→ THE PROBLEM: When you write out the material, keep every line exactly as it is.

── PROVIDED DATA

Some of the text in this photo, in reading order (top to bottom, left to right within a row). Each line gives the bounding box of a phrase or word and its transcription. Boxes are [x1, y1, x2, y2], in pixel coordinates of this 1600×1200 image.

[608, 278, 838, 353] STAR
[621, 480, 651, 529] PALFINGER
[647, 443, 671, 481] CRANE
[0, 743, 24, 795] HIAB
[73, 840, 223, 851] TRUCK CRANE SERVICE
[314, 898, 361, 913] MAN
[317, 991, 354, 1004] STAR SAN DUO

────

→ EXERCISE RESPONSE:
Some of the text in this photo, in reading order (top to bottom, left to right within a row). Each line gives the bounding box of a phrase or word and its transcription. Boxes are [x1, y1, x2, y2], in pixel coordinates of this 1600×1200 image.

[608, 278, 838, 353] STAR
[621, 480, 651, 529] PALFINGER
[647, 443, 671, 481] CRANE
[0, 743, 24, 795] HIAB
[73, 840, 223, 851] TRUCK CRANE SERVICE
[314, 898, 361, 913] MAN
[317, 991, 354, 1004] STAR SAN DUO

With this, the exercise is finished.